_TO DO:_
The reply should contain every line of the data, repeated exactly, and no pictures.

_GIVEN ENTRIES:_
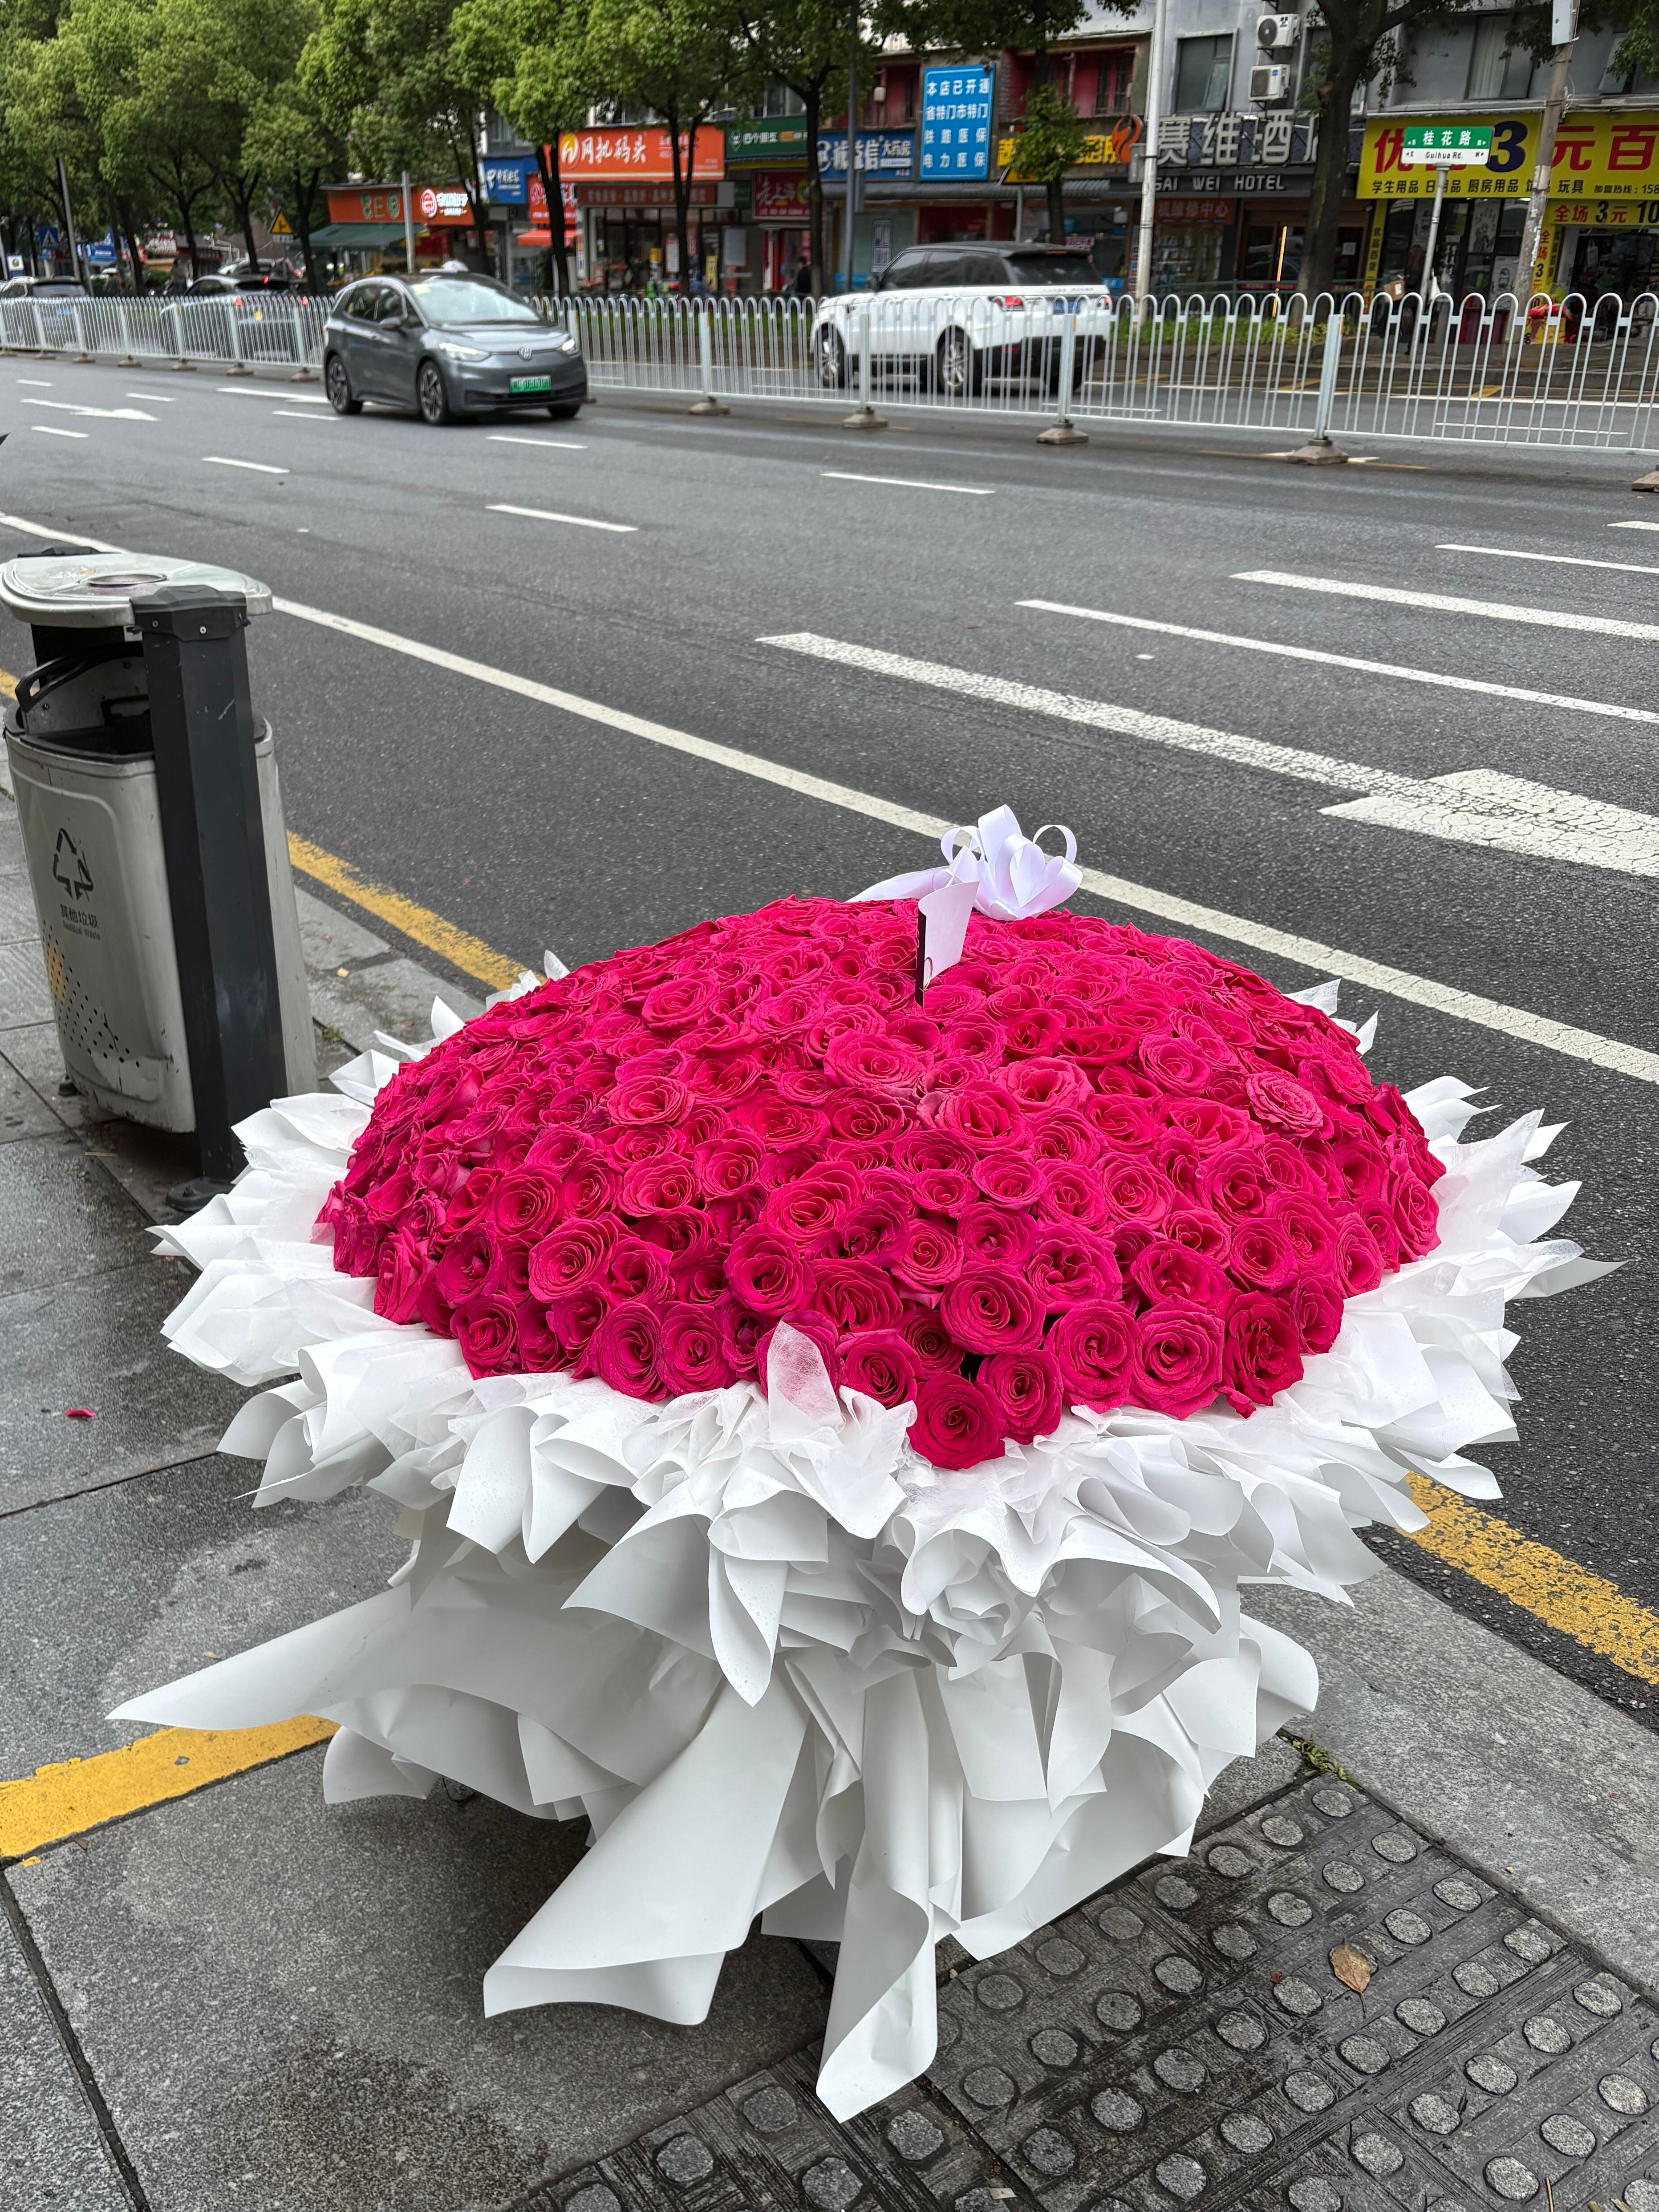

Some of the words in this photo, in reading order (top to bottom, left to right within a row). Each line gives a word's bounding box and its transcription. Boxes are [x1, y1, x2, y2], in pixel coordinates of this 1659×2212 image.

[926, 78, 990, 97] 本店已开通
[1423, 130, 1471, 146] 桂花路
[923, 152, 986, 169] 电力医保
[1155, 177, 1178, 191] SAI
[1193, 176, 1220, 191] WEI
[1234, 175, 1285, 190] HOTEL
[1372, 180, 1419, 194] 学生用品
[1468, 179, 1518, 193] 厨房用品
[1558, 180, 1584, 193] 玩具
[60, 904, 99, 929] 其他垃圾

_YOUR SOLUTION:_
Some of the words in this photo, in reading order (top to bottom, left to right within a row). Each line gives a word's bounding box and its transcription. Boxes are [x1, y1, x2, y2], in pixel coordinates of this 1659×2212 image.

[926, 78, 990, 97] 本店已开通
[1423, 130, 1471, 146] 桂花路
[923, 152, 986, 169] 电力医保
[1155, 177, 1178, 191] SAI
[1193, 176, 1220, 191] WEI
[1234, 175, 1285, 190] HOTEL
[1372, 180, 1419, 194] 学生用品
[1468, 179, 1518, 193] 厨房用品
[1558, 180, 1584, 193] 玩具
[60, 904, 99, 929] 其他垃圾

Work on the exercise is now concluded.